Transforming a runscript into an auto-icon configuration#

This page is a guide on how to transform your runscript into an auto-icon configuration. Further information can be found especially in the guide on the configuration and also in the step-by-step guide. The guide is basically an extension to the steps 5 (Modify the namelist) and 6 (Modify the configuration).

As an example, we take a runscript, corresponding to the NWP_EXT_DATA test case, that is also included as a template in auto-icon.

Configuration files#

Three main configuration files#

There are a few configuration files that the user has to update for a simple such experiment. In the following %PROJDIR% always refers to the project directory of your experiment, i.e. by default to /pool/experiments/<expid>/proj/git_project.

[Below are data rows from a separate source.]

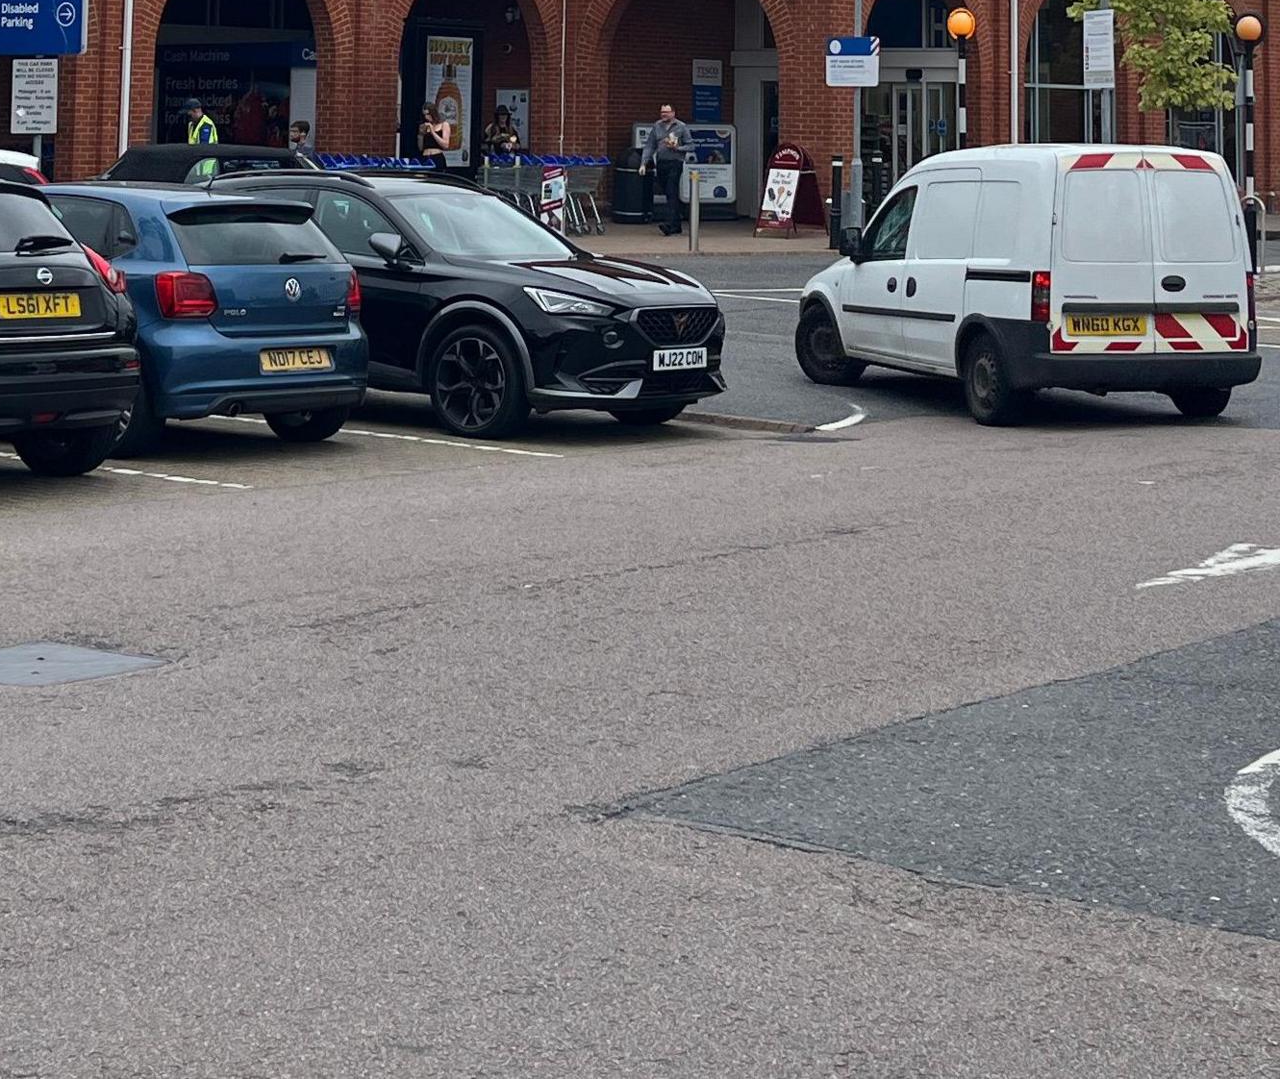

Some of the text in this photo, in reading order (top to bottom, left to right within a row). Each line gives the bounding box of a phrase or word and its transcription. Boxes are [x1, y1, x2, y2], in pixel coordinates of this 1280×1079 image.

[1, 2, 39, 14] Disabled
[1, 16, 34, 30] Parking
[163, 49, 231, 62] Cash Machine
[165, 75, 238, 89] Fresh berries
[6, 295, 70, 315] LS61 XFT
[224, 308, 247, 316] POLO
[1112, 317, 1141, 332] KGX
[268, 348, 322, 368] ND17 CEJ
[685, 350, 704, 366] COH
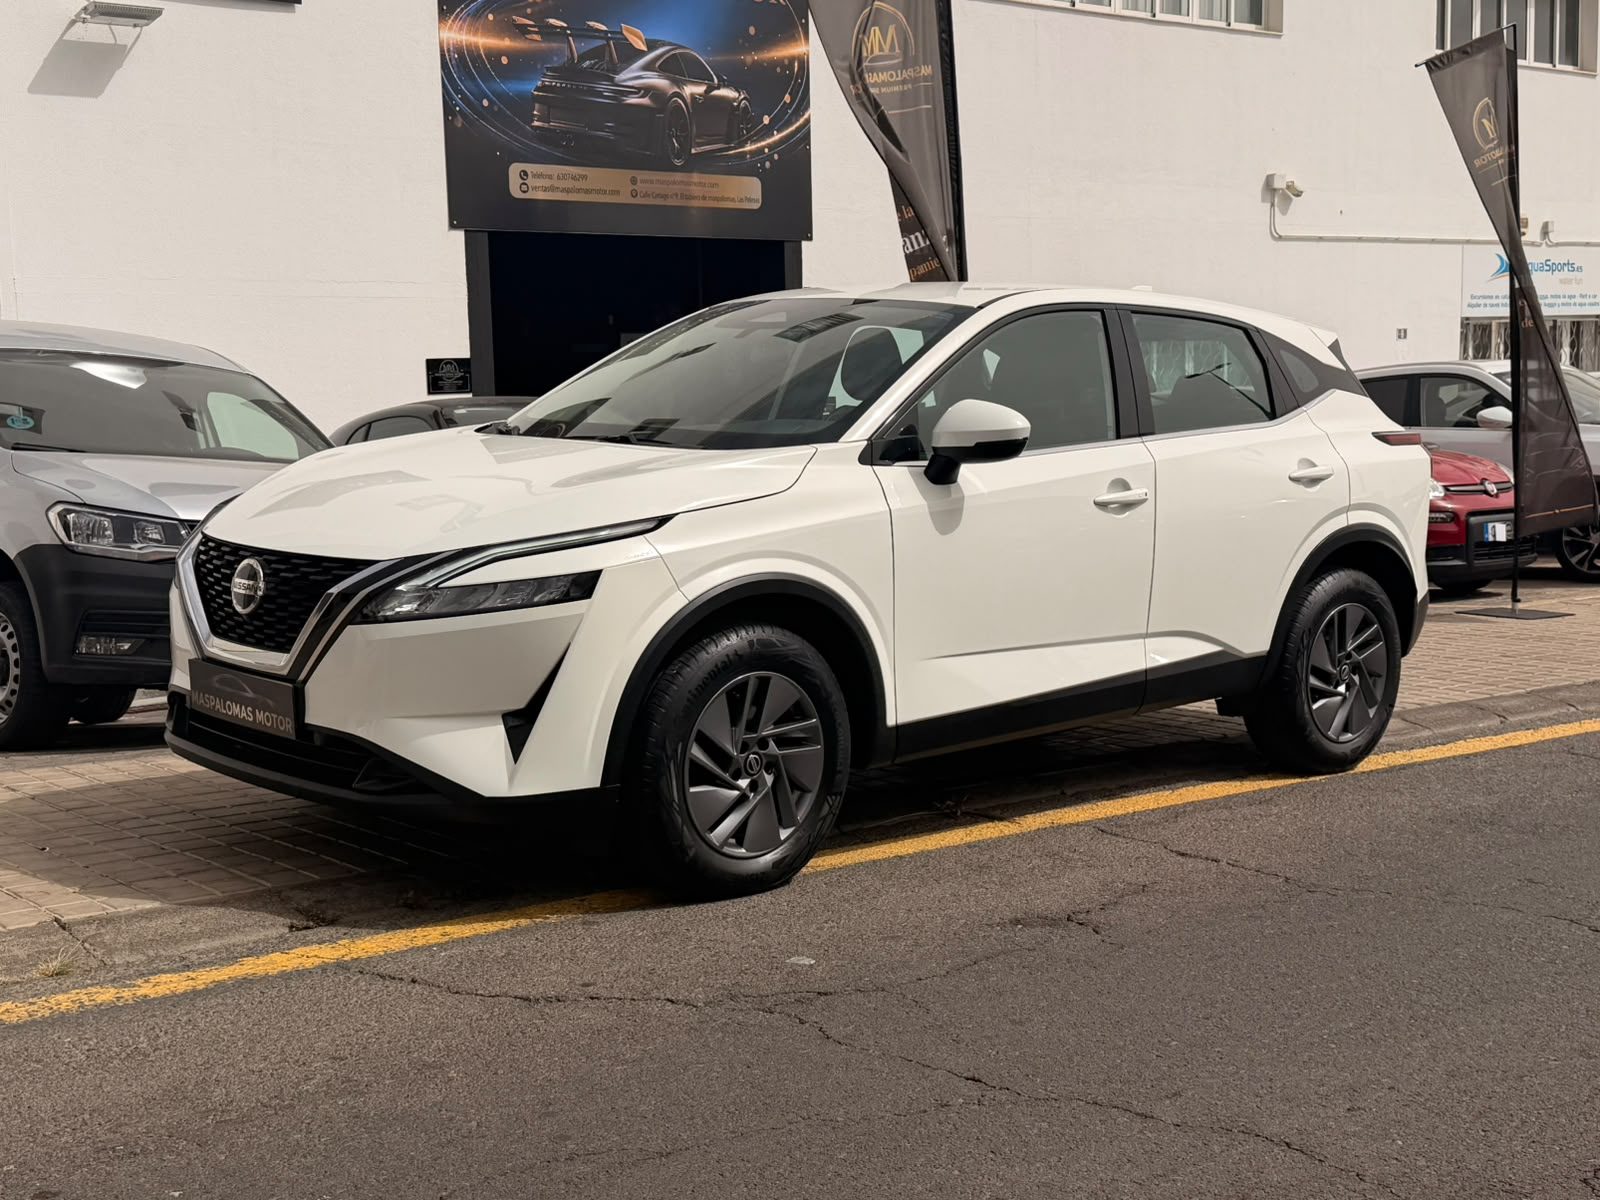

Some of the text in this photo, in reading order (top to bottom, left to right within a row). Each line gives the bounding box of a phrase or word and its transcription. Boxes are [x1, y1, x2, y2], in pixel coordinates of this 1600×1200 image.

[1528, 258, 1584, 276] quaSports.es
[191, 689, 293, 735] MASPALOMAS MOTOR

Include-file: %PROJDIR%/conf/art.yml
Yaml configuration file: %PROJDIR%/conf/art/experiments/<expname>.yml
Namelist file: %PROJDIR%/namelists/art/<expname>.yml or %PROJDIR%/namelists/art/<expname>.nml

Hereby, <expname> is an experiment name, that you make up yourself. You enter that name in the include file. It is used as an identifier of the experiment for your configuration and namelist file and also on the HPC system as an output (and input) directory name.

Using the init script#

Further, you can use the initialization script auto-icon-init for a convenience setup (call it with -h or check out the Step-by-step guide for details). The script will

Create a subdirectory <expname> in your experiment directory (i.e. <expid>/<expname>).
Create symlinks in this directory to the the relevant config files.
Modify the include file to use the options provided to the script, including the experiment name. If you supplied all the options, you don’t have to modify the include file anymore.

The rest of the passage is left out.